Tag Archives: writing

W^2 – colorful

W^2 or W squared for Wordless Wednesday, July 12, 2023

For this week’s Wordless Wednesday, I have a closeup of one of our hummingbird feeders and a bonus, a reverse view with a hummingbird.

a hummingbird feeder from inside the house, Wheaton, IL Wednesday July 12, 2023 7:56 AM

Today is the thirty-seventh day of summer break, almost to the halfway mark. Earlier this morning storms rolled through with lightning, thunder, and heavy rain. We need the rain after a very dry spring. The flowers came despite the lack of April showers.

The birds came, too.

Several years ago, I added a few bird feeders to our backyard.
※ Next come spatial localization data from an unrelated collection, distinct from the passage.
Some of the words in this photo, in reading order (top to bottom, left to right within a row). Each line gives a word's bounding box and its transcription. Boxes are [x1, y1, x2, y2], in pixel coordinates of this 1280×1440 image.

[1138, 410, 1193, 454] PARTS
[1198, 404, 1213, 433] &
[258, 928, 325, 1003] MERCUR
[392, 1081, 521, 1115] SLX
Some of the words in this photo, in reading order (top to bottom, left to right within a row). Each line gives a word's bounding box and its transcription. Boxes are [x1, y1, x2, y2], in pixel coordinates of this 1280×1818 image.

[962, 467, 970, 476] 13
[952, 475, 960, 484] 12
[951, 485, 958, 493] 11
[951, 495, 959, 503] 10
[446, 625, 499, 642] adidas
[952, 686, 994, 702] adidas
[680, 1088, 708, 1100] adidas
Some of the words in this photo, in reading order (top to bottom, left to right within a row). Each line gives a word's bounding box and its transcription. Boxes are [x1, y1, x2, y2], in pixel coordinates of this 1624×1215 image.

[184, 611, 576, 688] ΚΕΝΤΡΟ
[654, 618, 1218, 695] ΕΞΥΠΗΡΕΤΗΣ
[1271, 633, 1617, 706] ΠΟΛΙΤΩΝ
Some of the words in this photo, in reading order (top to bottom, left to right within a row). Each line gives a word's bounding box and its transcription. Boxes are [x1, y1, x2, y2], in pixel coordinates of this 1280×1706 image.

It was the summer of ’18 and I was recovering, or rehabilitating, from my first knee replacement surgery. I had been reading the a book Where the Poppies Grow by British author John Lewis-Stempel. I learned about the book while reading a blog post at From Pyrenees to Pennines in one of Margaret’s many blogposts about reading.

Both changed my life. The book and thus the bird feeders and the knee surgeries, in December ’18 I had the other knee replaced. I’ve never looked back. Continue reading W^2 – colorful

W^2 – black and white

W^2 or W squared for Wordless Wednesday, July 5, 2023

For this week’s Wordless Wednesday post I have the early morning moon setting as the sun rises.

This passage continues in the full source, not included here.